BEGIN EXERCISE MATERIAL
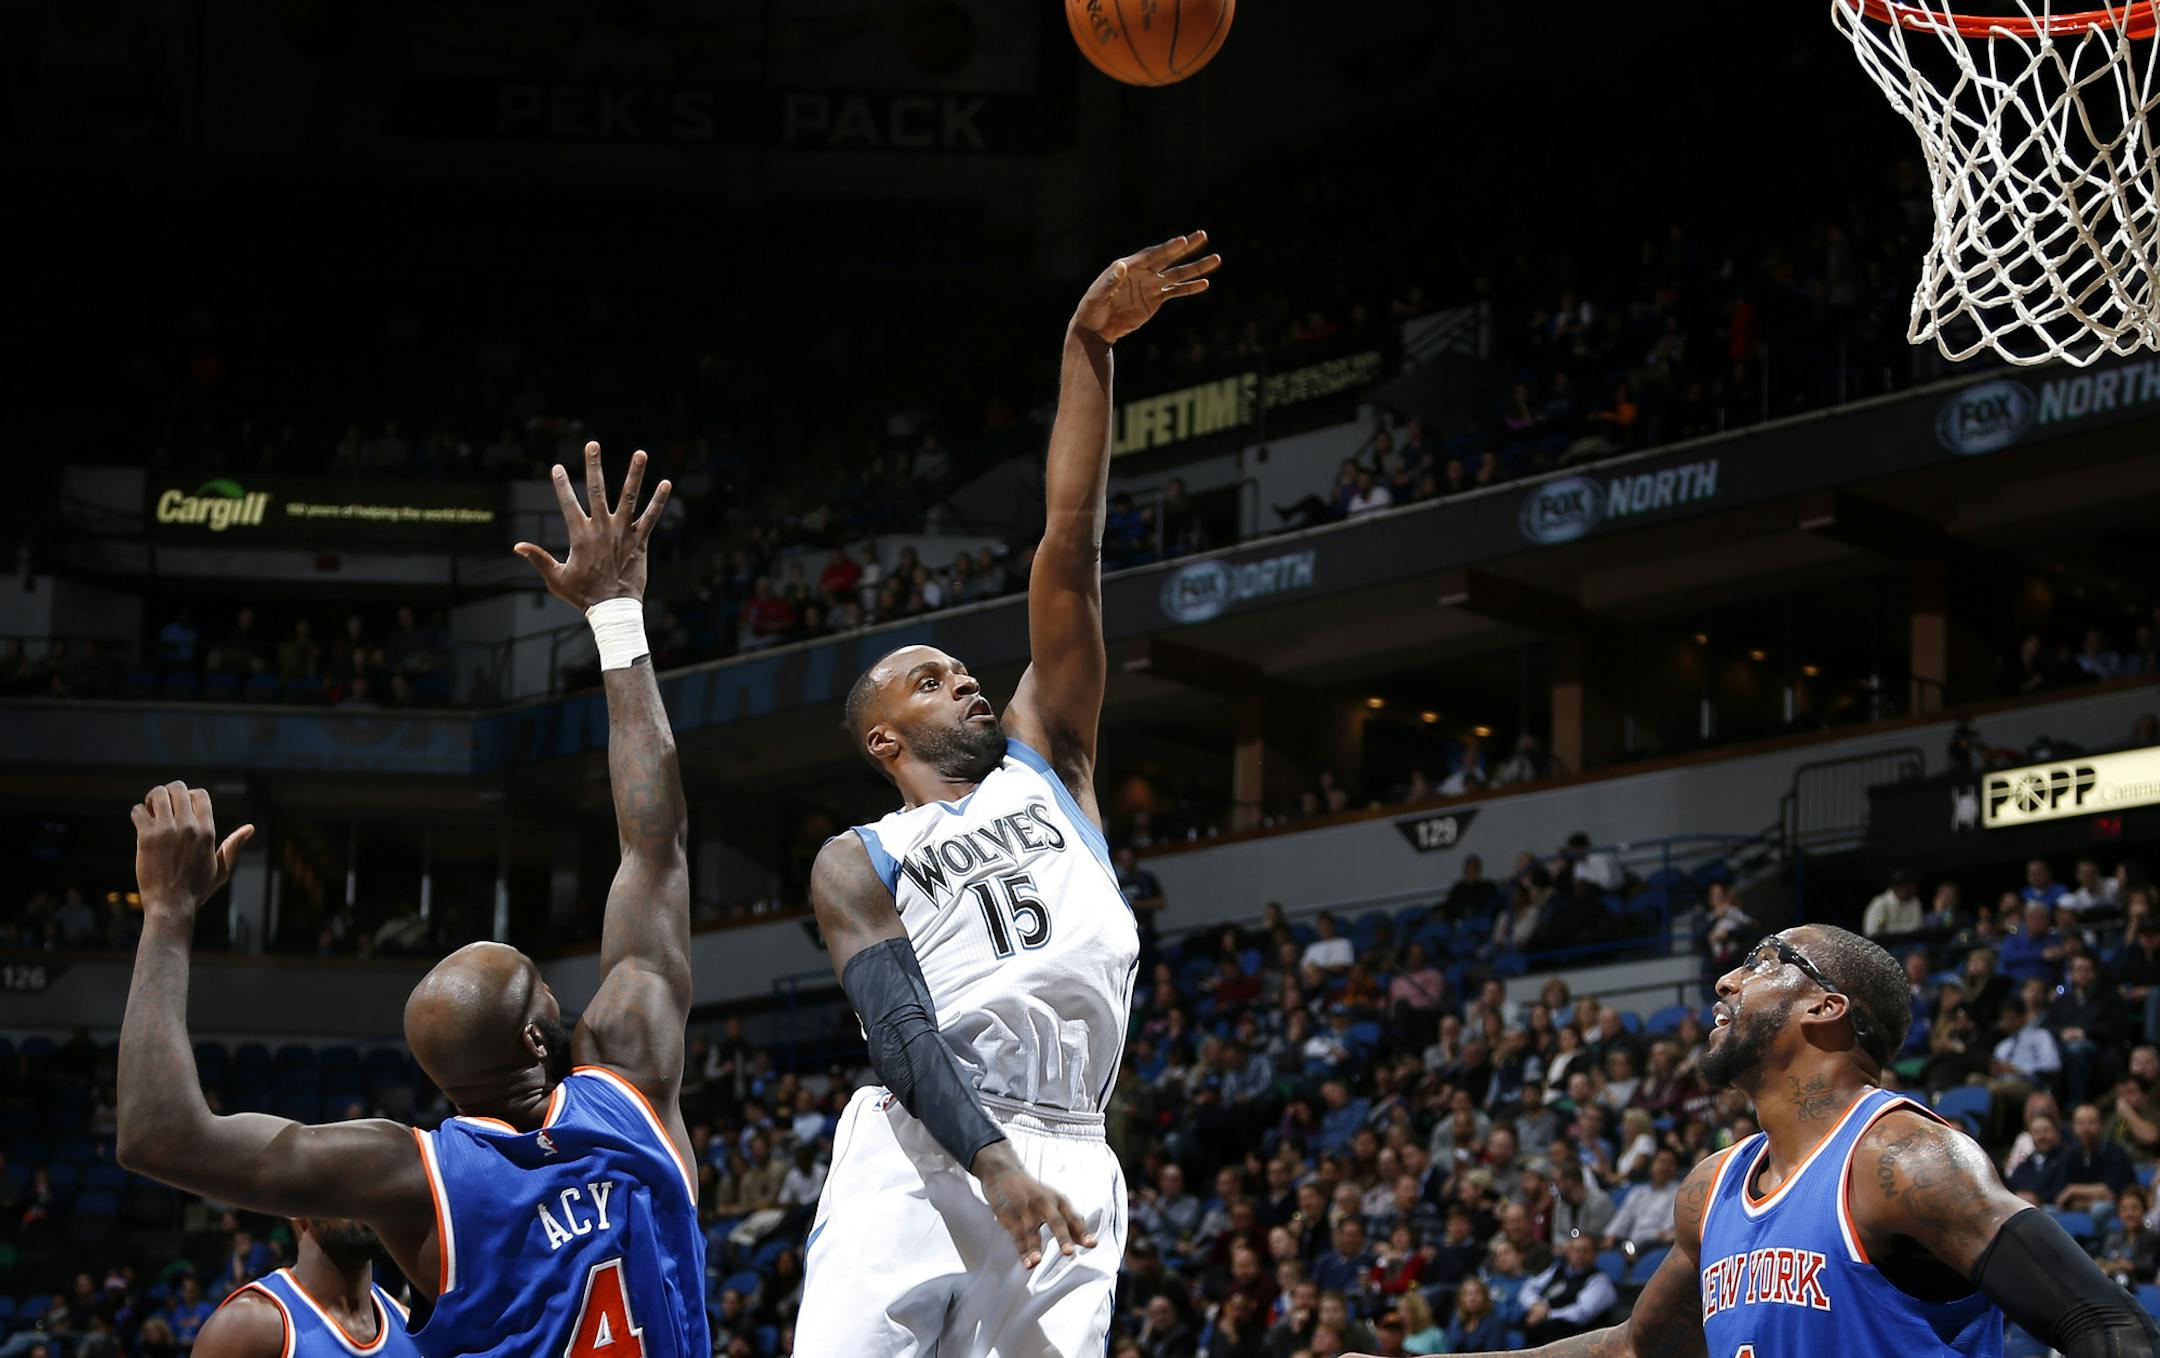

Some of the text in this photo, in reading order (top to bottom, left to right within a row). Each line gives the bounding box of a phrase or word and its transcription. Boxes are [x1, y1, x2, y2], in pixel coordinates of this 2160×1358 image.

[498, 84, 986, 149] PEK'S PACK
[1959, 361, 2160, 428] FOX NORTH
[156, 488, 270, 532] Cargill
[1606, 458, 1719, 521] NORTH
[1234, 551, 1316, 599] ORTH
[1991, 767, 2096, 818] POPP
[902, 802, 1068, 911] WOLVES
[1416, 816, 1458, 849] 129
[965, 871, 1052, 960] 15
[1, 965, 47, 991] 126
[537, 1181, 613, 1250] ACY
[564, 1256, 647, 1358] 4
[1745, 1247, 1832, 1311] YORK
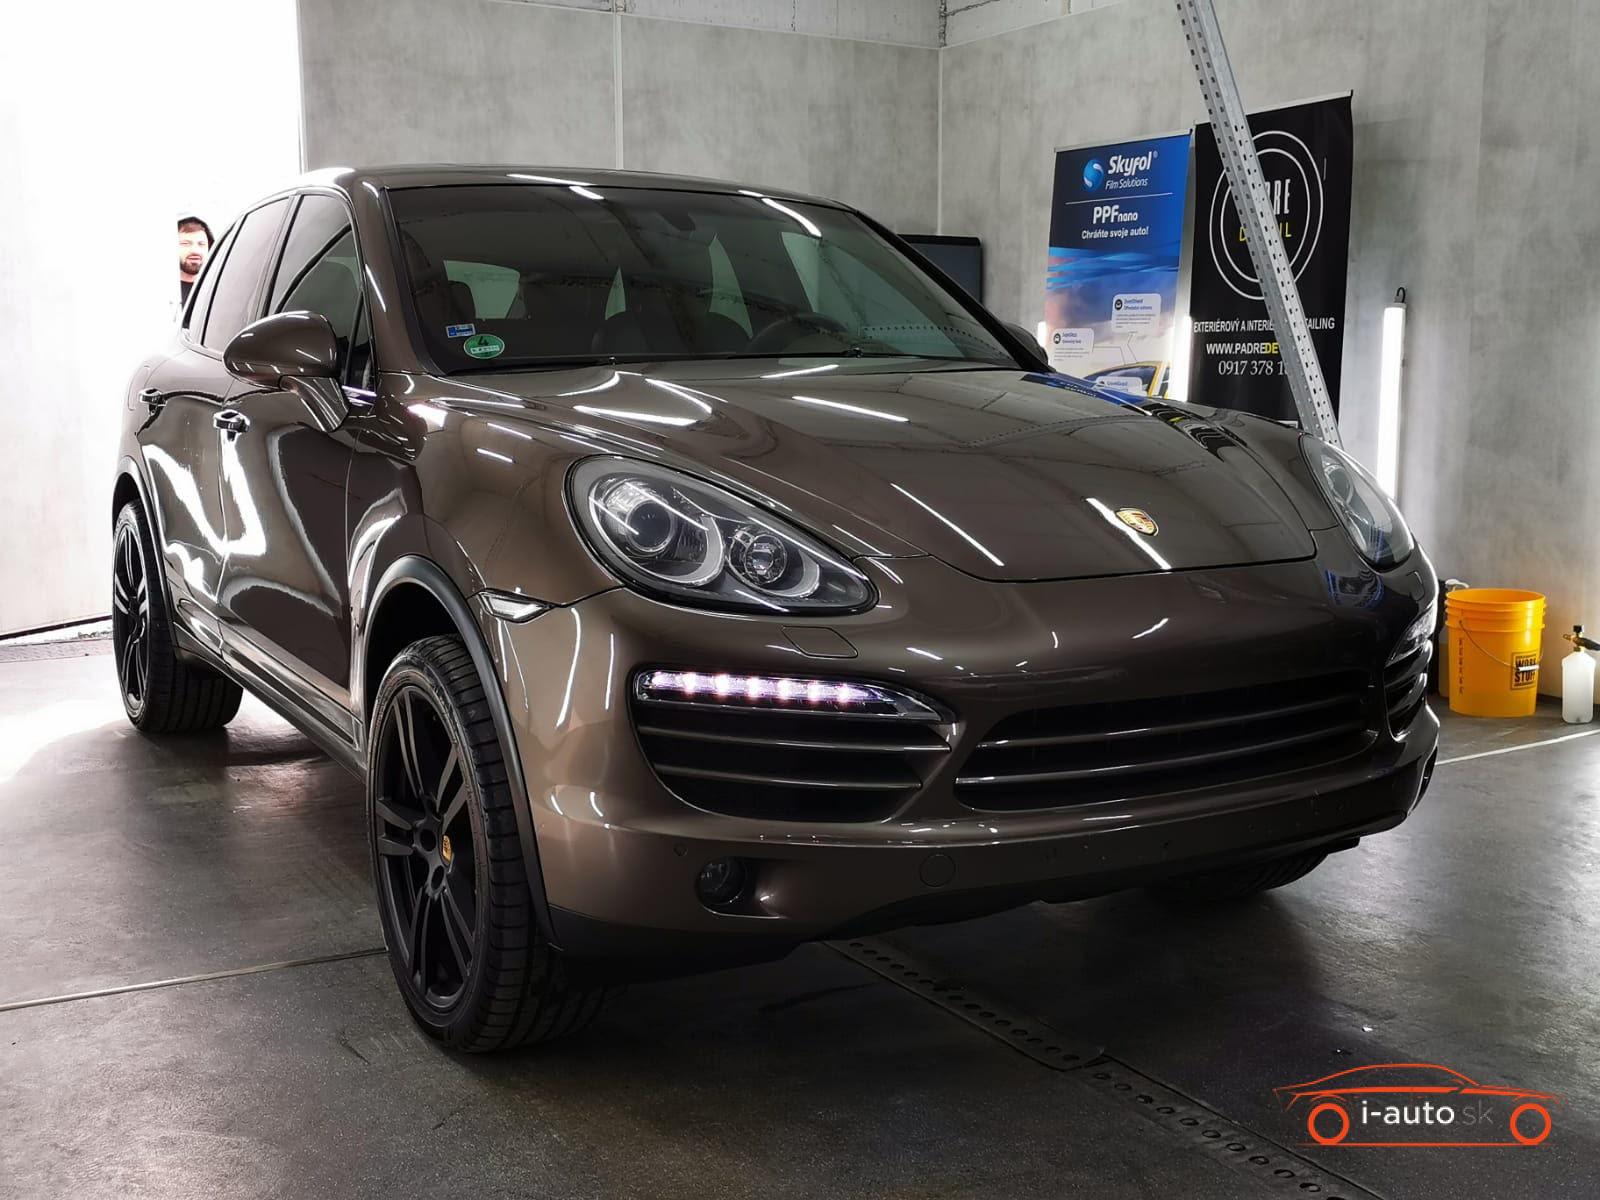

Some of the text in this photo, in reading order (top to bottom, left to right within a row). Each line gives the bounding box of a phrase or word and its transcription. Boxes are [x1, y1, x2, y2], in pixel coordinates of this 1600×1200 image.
END EXERCISE MATERIAL
Everything in the material must be duplicated exactly, except the pictures.

* ANSWER FOR THIS EXERCISE:
Some of the text in this photo, in reading order (top to bottom, left to right within a row). Each line gives the bounding box of a phrase or word and its transcription. Boxes are [x1, y1, x2, y2], in pixel coordinates of this 2160×1358 image.

[498, 84, 986, 149] PEK'S PACK
[1959, 361, 2160, 428] FOX NORTH
[156, 488, 270, 532] Cargill
[1606, 458, 1719, 521] NORTH
[1234, 551, 1316, 599] ORTH
[1991, 767, 2096, 818] POPP
[902, 802, 1068, 911] WOLVES
[1416, 816, 1458, 849] 129
[965, 871, 1052, 960] 15
[1, 965, 47, 991] 126
[537, 1181, 613, 1250] ACY
[564, 1256, 647, 1358] 4
[1745, 1247, 1832, 1311] YORK

Some of the text in this photo, in reading order (top to bottom, left to right within a row). Each line gives the bounding box of a phrase or word and its transcription. Boxes are [x1, y1, x2, y2], in pixel coordinates of this 1600×1200 image.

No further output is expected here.